Cumulative percent distribution: a distribution showing the percentage of observations falling at or below each category, interval or score of a given variable.

Overview

Last spring, I asked all the students in my class to name their favorite Teenage Mutant Ninja Turtle. The results were as follows:

Leonardo = 15
Donatello = 13
Raphael = 20
Michelangelo = 7
Other = 1 (One student put "Galapagos tortoise," either because he didn't understand the question or because he was being glib.)

The frequency (f) of a particular observation is the number of times the observation occurs in the data. In this example, the frequency of the Leonardo category is 15 because 15 people said he was their favorite. The distribution of a variable is the pattern of frequencies of the observation. A frequency distribution is a table that reports the number of observations that fall into each category of the variable we're analyzing. Making a frequency distribution for my Ninja Turtle data is pretty straightforward:

Favorite Ninja Turtle

Turtle/Tortoise	Frequency (f)
Leonardo	15
Donatello	13
Raphael	20
Michelangelo	7
Other	1
Total	56

Frequency distributions can show either the actual number of observations falling in each category or the percentage of observations. The actual number is called the raw score, while a distribution that includes the percentage of observations is called a relative frequency distribution. Relative frequency distributions are referred to as such because they allow for comparison between categories with unequal numbers of observations. We can turn the above table into a relative frequency distribution by calculating the percentage of observations in each category:

Favorite Ninja Turtle

Turtle/Tortoise	Frequency (f)	Relative Frequency (%)
Leonardo	15	15/56 = 0.27 x 100 = 27%
Donatello	13	13/56 = 0.23 x 100 = 23%
Raphael	20	20/56 = 0.36 x 100 = 36%
Michelangelo	7	7/56 = 0.13 x 100 = 13%
Other	1	1/56 = 0.02 x 100 = 2%
Total	56	56/56 = 1 x 100 = 100%

Relative frequencies can be useful when comparing the distributions of two different samples. Last fall, I asked my students the same question about their favorite Ninja Turtles, and the results are as follows:

Favorite Ninja Turtle

Turtle	Frequency (f)
Leonardo	7
Donatello	13
Raphael	5
Michelangelo	15
Total	40

Suppose we wanted to compare the popularity of Donatello between my two classes. We can see from looking at the raw frequencies that 13 of the students in my class last spring listed Donatello as their favorite, and 13 of the students in my class last fall did as well. Can we therefore conclude that Donatello was equally popular in both classes? No! We can't compare raw frequencies directly because the two groups have different sample sizes. My class last spring had 56 students, while my class last fall only had 40. In stats terminology, we would say that n=56 in the first sample, while n=40 in the second. In order to compare the two, we need to calculate the relative frequencies of the second sample:

Favorite Ninja Turtle

Turtle	Frequency (f)	Relative Frequency (%)
Leonardo	7	7/40 = 0.175 x 100 = 17.5%
Donatello	13	13/40 = 0.325 x 100 = 32.5%
Raphael	5	5/40 = 0.125 x 100 = 12.5%
Michelangelo	15	15/40 = 0.375 x 100 = 37.5%
Total	40	40/40 = 1 x 100 = 100%

Even though the same number of students in each class listed Donatello as their favorite Ninja Turtle, a higher percentage (i.e., a greater relative frequency) of students listed him as their favorite in the second sample.

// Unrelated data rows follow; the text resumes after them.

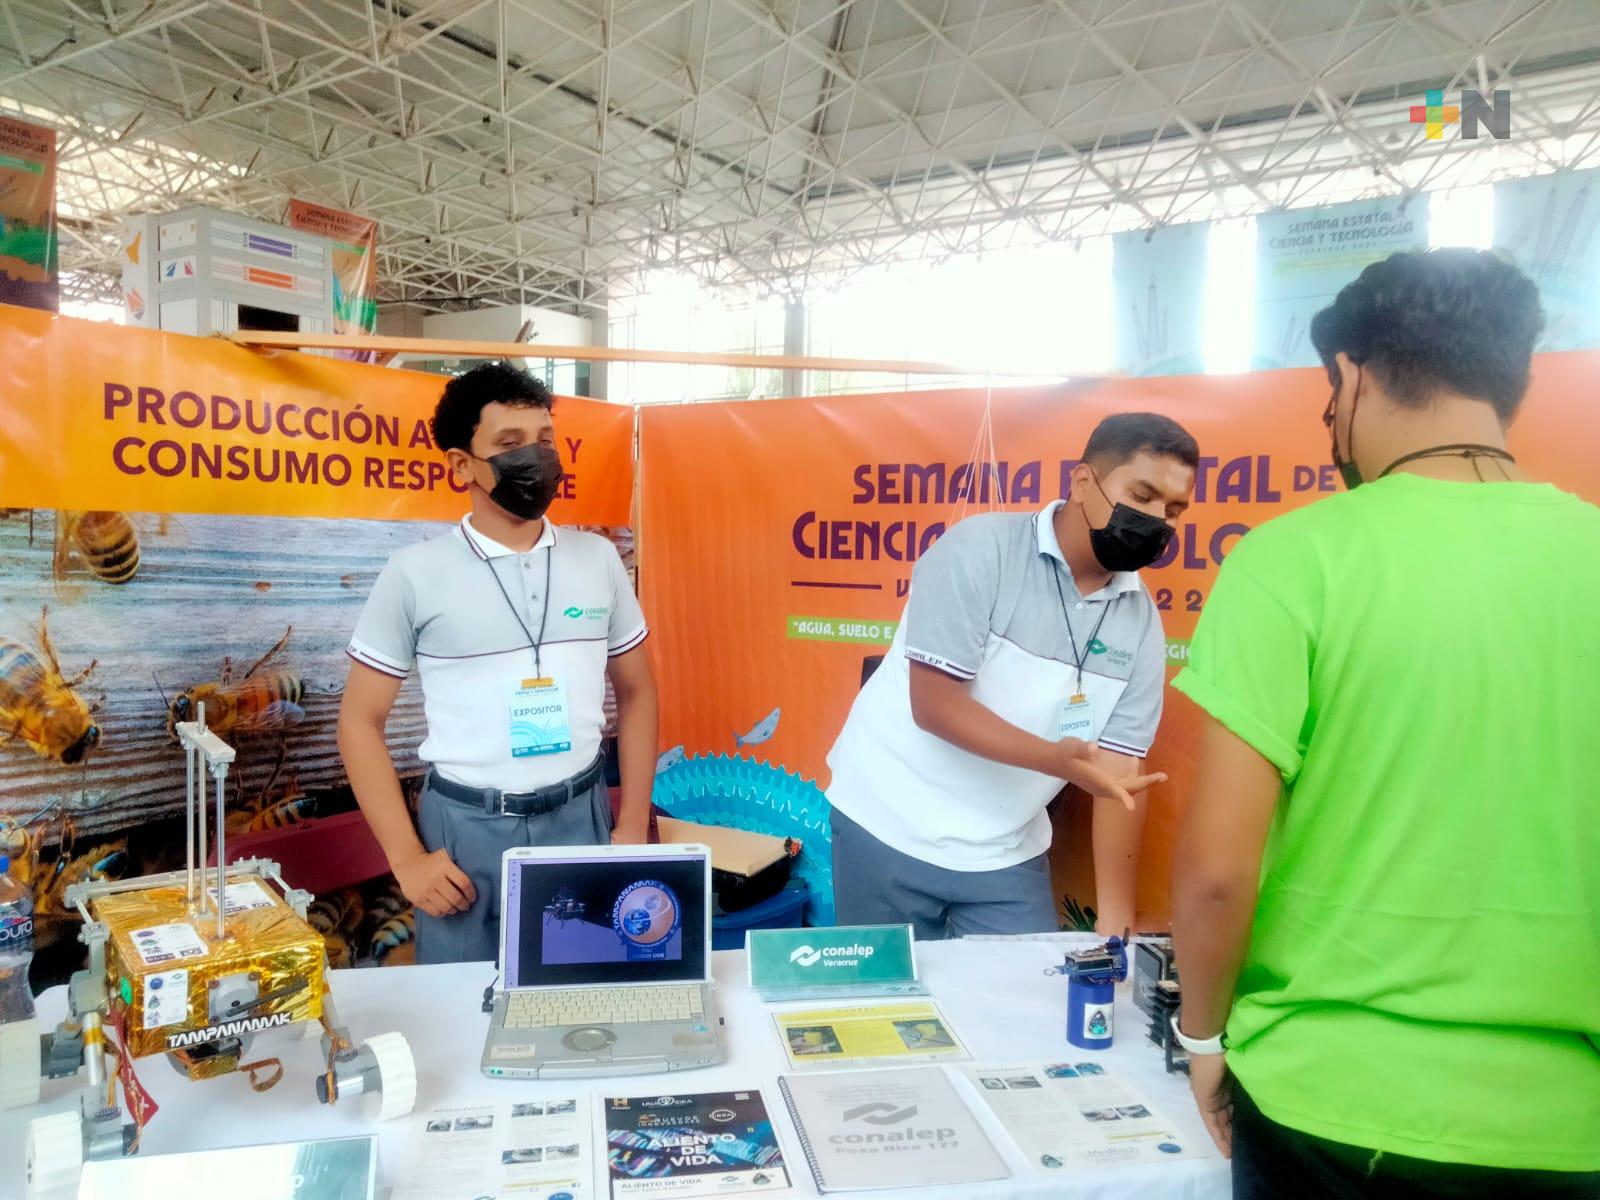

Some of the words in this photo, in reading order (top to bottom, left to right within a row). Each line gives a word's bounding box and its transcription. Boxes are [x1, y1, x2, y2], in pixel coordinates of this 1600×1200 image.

[1288, 219, 1338, 234] SEMANA
[1270, 233, 1314, 249] CIENCIA
[1319, 232, 1326, 244] Y
[104, 382, 399, 447] PRODUCCIÓN
[566, 437, 583, 464] Y
[113, 436, 352, 487] CONSUMO
[853, 461, 1041, 504] SEMANA
[1293, 465, 1337, 492] DE
[839, 623, 880, 639] SUELO
[514, 704, 562, 717] EXPOSITOR
[1061, 719, 1091, 733] EXPOSITOR
[822, 943, 874, 958] conalep
[823, 959, 858, 967] Veracruz
[168, 1012, 293, 1049] TAMPANAMAK
[650, 1132, 737, 1148] ALIENTO
[828, 1127, 956, 1146] conalep
[680, 1145, 707, 1156] DE
[670, 1155, 723, 1167] VIDA
[621, 1181, 663, 1189] ALIENTO

Because "favorite Ninja Turtle" is a nominal variable, it would be just as easy to display these data as a pie chart. This pie chart shows the distribution of "favorite Ninja Turtle" among my class from last spring:

Pie charts are generally best for nominal-level variables, which are not ordered, while bar graphs are generally best for ordinal-level variables, which are ordered. This is because bar graphs allow us to display the categories in order from least to greatest. Consider the following made-up graph of the distribution of students in a fictional class by grade level:

A bar chart allows us to display the frequency of each category while simultaneously keeping the categories in order from lowest to highest. Graphs and charts like these are usually used for nominal or ordinal variables that have relatively few categories. With interval/ratio level variables like GDP that typically have many more categories, there are better ways of summarizing information, which we will begin to talk about in the next chapter. I could make a pie chart illustrating the GDP for all 195 countries on the planet, but it would look pretty messy (it would have 195 slices).

Cumulative Frequencies

With interval/ratio variables, we can take our analysis a little further. The following table represents the annual income data taken from the fourth wave of the National Survey of Adolescent Health (the Add Health dataset).

Annual Income

Income in USD	Frequency (f)	Percent of Total
Less than 5,000	134	2.84
5,000 to 8,999	117	2.48
9,000 to 13,999	172	3.64
14,000 to 18,999	167	3.54
19,000 to 23,999	234	4.96
24,000 to 28,999	269	5.70
29,000 to 38,999	498	10.55
39,000 to 48,999	570	12.07
49,000 to 73,999	1,147	24.30
74,000 to 99,999	696	14.74
100,000+	717	15.17
Total	4,721	100.00

This table is very similar to the above examples, but with one important difference. Both "Favorite Ninja Turtle" and "Year in School" have a relatively small number of categories, while income does not. I suppose I could display the information in terms of the nearest whole dollar, but that would probably give me one category for each of the 4,721 respondents, which would make for a comically large—and not terribly informative—table. To solve this problem, I collapsed the data into intervals. These intervals are often known as "class intervals," and are almost always used to summarize interval ratio data. In this case, we could say the width of the class interval is 5,000 (except for some of the larger intervals, which have a width of 10,000 or 24,000). There is no hard-and-fast rule for how wide to make the intervals; it usually falls to the discretion of whoever made the table.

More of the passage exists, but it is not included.